* [Brief] Repeat the records. Match each character exactly.

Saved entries
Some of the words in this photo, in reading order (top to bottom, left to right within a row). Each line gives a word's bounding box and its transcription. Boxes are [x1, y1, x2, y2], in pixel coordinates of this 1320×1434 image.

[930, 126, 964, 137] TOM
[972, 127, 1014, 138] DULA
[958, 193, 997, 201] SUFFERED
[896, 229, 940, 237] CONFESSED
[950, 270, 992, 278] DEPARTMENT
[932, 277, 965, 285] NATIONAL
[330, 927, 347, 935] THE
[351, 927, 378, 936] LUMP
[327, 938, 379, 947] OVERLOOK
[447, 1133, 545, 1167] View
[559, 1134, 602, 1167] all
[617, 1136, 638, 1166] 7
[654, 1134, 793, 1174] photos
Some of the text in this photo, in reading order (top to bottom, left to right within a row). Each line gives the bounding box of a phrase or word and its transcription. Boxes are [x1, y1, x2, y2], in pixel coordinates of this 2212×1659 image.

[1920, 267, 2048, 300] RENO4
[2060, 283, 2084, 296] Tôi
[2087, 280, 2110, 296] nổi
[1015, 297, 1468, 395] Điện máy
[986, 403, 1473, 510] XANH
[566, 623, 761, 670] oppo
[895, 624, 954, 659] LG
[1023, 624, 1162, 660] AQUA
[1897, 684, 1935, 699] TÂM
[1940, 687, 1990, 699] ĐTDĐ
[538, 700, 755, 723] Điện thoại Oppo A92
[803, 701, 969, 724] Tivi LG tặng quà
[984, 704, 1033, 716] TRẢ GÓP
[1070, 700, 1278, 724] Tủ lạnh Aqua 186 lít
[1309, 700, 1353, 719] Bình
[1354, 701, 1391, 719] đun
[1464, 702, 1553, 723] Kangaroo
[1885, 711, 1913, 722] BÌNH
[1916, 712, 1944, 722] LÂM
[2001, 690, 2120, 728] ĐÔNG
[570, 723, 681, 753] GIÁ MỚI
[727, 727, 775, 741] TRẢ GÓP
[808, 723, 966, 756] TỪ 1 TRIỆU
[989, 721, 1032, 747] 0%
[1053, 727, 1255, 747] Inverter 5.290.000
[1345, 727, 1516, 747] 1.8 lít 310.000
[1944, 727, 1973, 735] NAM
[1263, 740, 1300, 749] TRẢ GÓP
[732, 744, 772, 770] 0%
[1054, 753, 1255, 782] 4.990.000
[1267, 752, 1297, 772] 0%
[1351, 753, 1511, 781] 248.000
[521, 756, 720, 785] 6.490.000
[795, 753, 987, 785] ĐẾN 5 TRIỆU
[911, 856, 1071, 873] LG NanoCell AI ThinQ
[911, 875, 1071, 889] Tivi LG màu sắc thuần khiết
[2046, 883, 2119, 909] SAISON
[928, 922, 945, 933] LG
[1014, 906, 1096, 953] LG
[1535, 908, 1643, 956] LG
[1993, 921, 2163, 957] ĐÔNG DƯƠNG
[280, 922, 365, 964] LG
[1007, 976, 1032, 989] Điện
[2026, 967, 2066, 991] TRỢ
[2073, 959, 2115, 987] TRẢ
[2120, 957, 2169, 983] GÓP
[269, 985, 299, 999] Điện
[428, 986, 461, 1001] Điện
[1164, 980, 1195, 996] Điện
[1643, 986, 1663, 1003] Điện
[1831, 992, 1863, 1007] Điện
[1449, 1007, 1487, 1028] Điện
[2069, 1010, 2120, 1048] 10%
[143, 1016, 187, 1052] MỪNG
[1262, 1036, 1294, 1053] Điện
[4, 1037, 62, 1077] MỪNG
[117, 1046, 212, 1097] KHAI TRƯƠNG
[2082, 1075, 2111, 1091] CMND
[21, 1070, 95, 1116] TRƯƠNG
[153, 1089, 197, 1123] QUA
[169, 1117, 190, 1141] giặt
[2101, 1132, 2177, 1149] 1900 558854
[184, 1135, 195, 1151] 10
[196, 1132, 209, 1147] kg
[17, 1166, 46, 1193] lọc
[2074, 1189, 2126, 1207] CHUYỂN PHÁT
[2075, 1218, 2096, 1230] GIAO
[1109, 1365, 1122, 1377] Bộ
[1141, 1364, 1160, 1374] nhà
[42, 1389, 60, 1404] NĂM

* [Output of the task]
Some of the words in this photo, in reading order (top to bottom, left to right within a row). Each line gives a word's bounding box and its transcription. Boxes are [x1, y1, x2, y2], in pixel coordinates of this 1320×1434 image.

[930, 126, 964, 137] TOM
[972, 127, 1014, 138] DULA
[958, 193, 997, 201] SUFFERED
[896, 229, 940, 237] CONFESSED
[950, 270, 992, 278] DEPARTMENT
[932, 277, 965, 285] NATIONAL
[330, 927, 347, 935] THE
[351, 927, 378, 936] LUMP
[327, 938, 379, 947] OVERLOOK
[447, 1133, 545, 1167] View
[559, 1134, 602, 1167] all
[617, 1136, 638, 1166] 7
[654, 1134, 793, 1174] photos
Some of the text in this photo, in reading order (top to bottom, left to right within a row). Each line gives the bounding box of a phrase or word and its transcription. Boxes are [x1, y1, x2, y2], in pixel coordinates of this 2212×1659 image.

[1920, 267, 2048, 300] RENO4
[2060, 283, 2084, 296] Tôi
[2087, 280, 2110, 296] nổi
[1015, 297, 1468, 395] Điện máy
[986, 403, 1473, 510] XANH
[566, 623, 761, 670] oppo
[895, 624, 954, 659] LG
[1023, 624, 1162, 660] AQUA
[1897, 684, 1935, 699] TÂM
[1940, 687, 1990, 699] ĐTDĐ
[538, 700, 755, 723] Điện thoại Oppo A92
[803, 701, 969, 724] Tivi LG tặng quà
[984, 704, 1033, 716] TRẢ GÓP
[1070, 700, 1278, 724] Tủ lạnh Aqua 186 lít
[1309, 700, 1353, 719] Bình
[1354, 701, 1391, 719] đun
[1464, 702, 1553, 723] Kangaroo
[1885, 711, 1913, 722] BÌNH
[1916, 712, 1944, 722] LÂM
[2001, 690, 2120, 728] ĐÔNG
[570, 723, 681, 753] GIÁ MỚI
[727, 727, 775, 741] TRẢ GÓP
[808, 723, 966, 756] TỪ 1 TRIỆU
[989, 721, 1032, 747] 0%
[1053, 727, 1255, 747] Inverter 5.290.000
[1345, 727, 1516, 747] 1.8 lít 310.000
[1944, 727, 1973, 735] NAM
[1263, 740, 1300, 749] TRẢ GÓP
[732, 744, 772, 770] 0%
[1054, 753, 1255, 782] 4.990.000
[1267, 752, 1297, 772] 0%
[1351, 753, 1511, 781] 248.000
[521, 756, 720, 785] 6.490.000
[795, 753, 987, 785] ĐẾN 5 TRIỆU
[911, 856, 1071, 873] LG NanoCell AI ThinQ
[911, 875, 1071, 889] Tivi LG màu sắc thuần khiết
[2046, 883, 2119, 909] SAISON
[928, 922, 945, 933] LG
[1014, 906, 1096, 953] LG
[1535, 908, 1643, 956] LG
[1993, 921, 2163, 957] ĐÔNG DƯƠNG
[280, 922, 365, 964] LG
[1007, 976, 1032, 989] Điện
[2026, 967, 2066, 991] TRỢ
[2073, 959, 2115, 987] TRẢ
[2120, 957, 2169, 983] GÓP
[269, 985, 299, 999] Điện
[428, 986, 461, 1001] Điện
[1164, 980, 1195, 996] Điện
[1643, 986, 1663, 1003] Điện
[1831, 992, 1863, 1007] Điện
[1449, 1007, 1487, 1028] Điện
[2069, 1010, 2120, 1048] 10%
[143, 1016, 187, 1052] MỪNG
[1262, 1036, 1294, 1053] Điện
[4, 1037, 62, 1077] MỪNG
[117, 1046, 212, 1097] KHAI TRƯƠNG
[2082, 1075, 2111, 1091] CMND
[21, 1070, 95, 1116] TRƯƠNG
[153, 1089, 197, 1123] QUA
[169, 1117, 190, 1141] giặt
[2101, 1132, 2177, 1149] 1900 558854
[184, 1135, 195, 1151] 10
[196, 1132, 209, 1147] kg
[17, 1166, 46, 1193] lọc
[2074, 1189, 2126, 1207] CHUYỂN PHÁT
[2075, 1218, 2096, 1230] GIAO
[1109, 1365, 1122, 1377] Bộ
[1141, 1364, 1160, 1374] nhà
[42, 1389, 60, 1404] NĂM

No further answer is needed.